Título: Exportações não dão sinal de sofrerem com o câmbio
Autor:
Fonte: Valor Econômico, 17/08/2006, Opinião, p. A12

As exportações vão de vento em popa em 2006 e as estimativas para o saldo da balança comercial começaram a ser revistas para cima. Uma boa aposta é que o resultado será maior que os US$ 40 bilhões previstos para o ano, o que contrasta fortemente com as reclamações crescentes de que o câmbio encontra-se muito valorizado e de que um declínio acentuado das vendas externas é só uma questão de tempo.

Mas o tempo passa e o saldo comercial não cai ou até mesmo sobe. Um país que deverá fazer algo como US$ 120 bilhões líquidos entre exportações e importações em três anos dificilmente poderia ser classificado como vítima de defasagem cambial aguda.
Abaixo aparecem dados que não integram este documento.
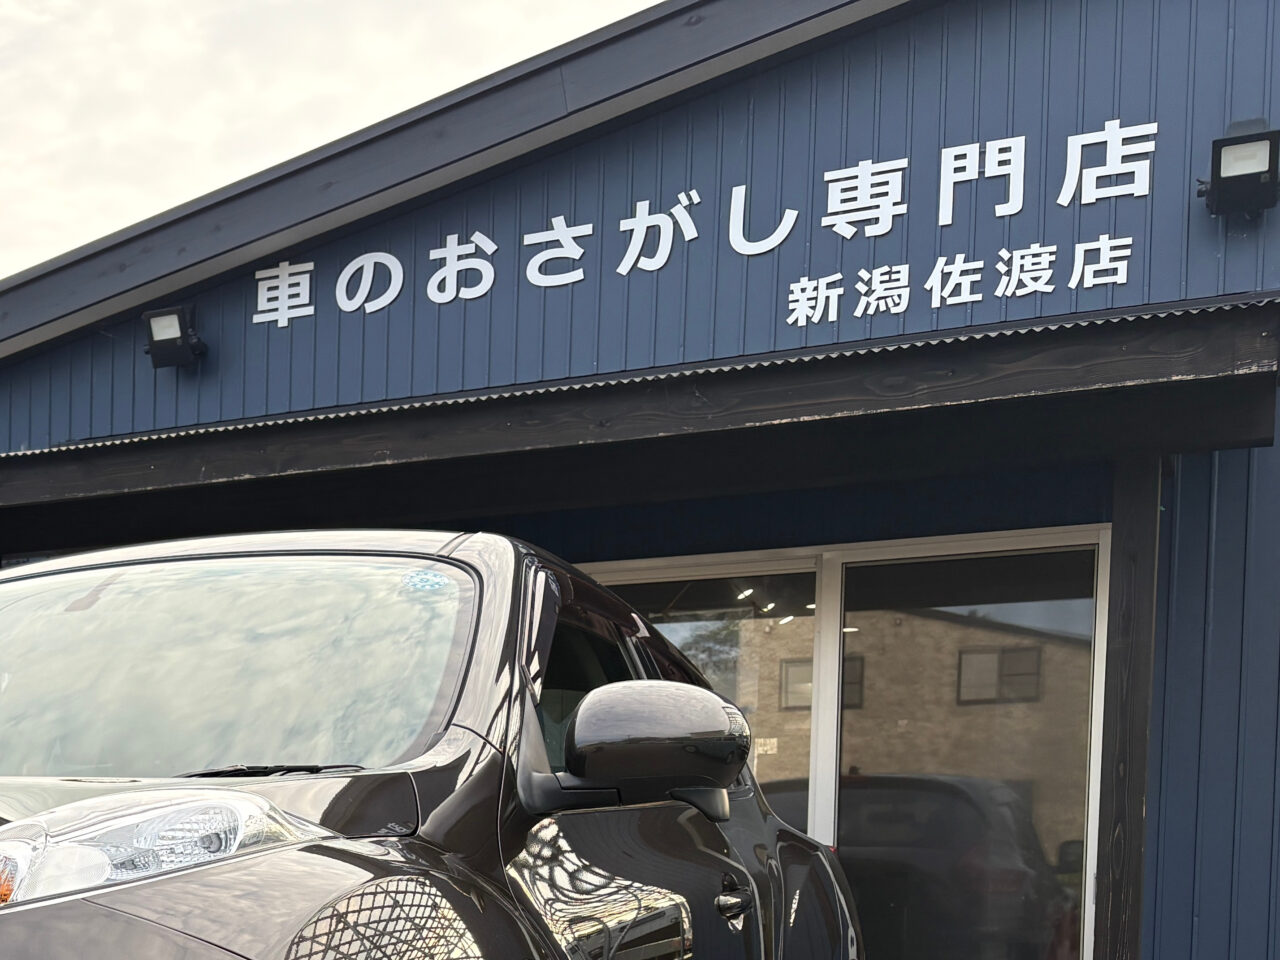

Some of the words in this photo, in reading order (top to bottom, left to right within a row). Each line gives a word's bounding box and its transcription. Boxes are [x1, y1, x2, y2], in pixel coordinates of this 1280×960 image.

[252, 119, 1158, 328] 車のおさがし専門店
[785, 234, 1133, 327] 新潟佐渡店
O fato real é que o Brasil (e seus concorrentes também) continuam surfando numa maré de alta do comércio internacional, que tem sancionado preços crescentes para as mercadorias que vendem. Os números do primeiro semestre do ano, analisado pelo Valor (10 de agosto) são ilustrativos. Os setores teoricamente mais prejudicados pelo real valorizado sentiriam os efeitos primeiramente com a redução do quantum exportado (que já cai há um ano). Entre o primeiro semestre de 2005 e o de 2006, 12 dos 27 setores estiveram nesta situação, mas todos, sem exceção, conseguiram obter aumento de preços. Apenas o ramo de óleos vegetais teve reajuste ínfimo, de 0,9%.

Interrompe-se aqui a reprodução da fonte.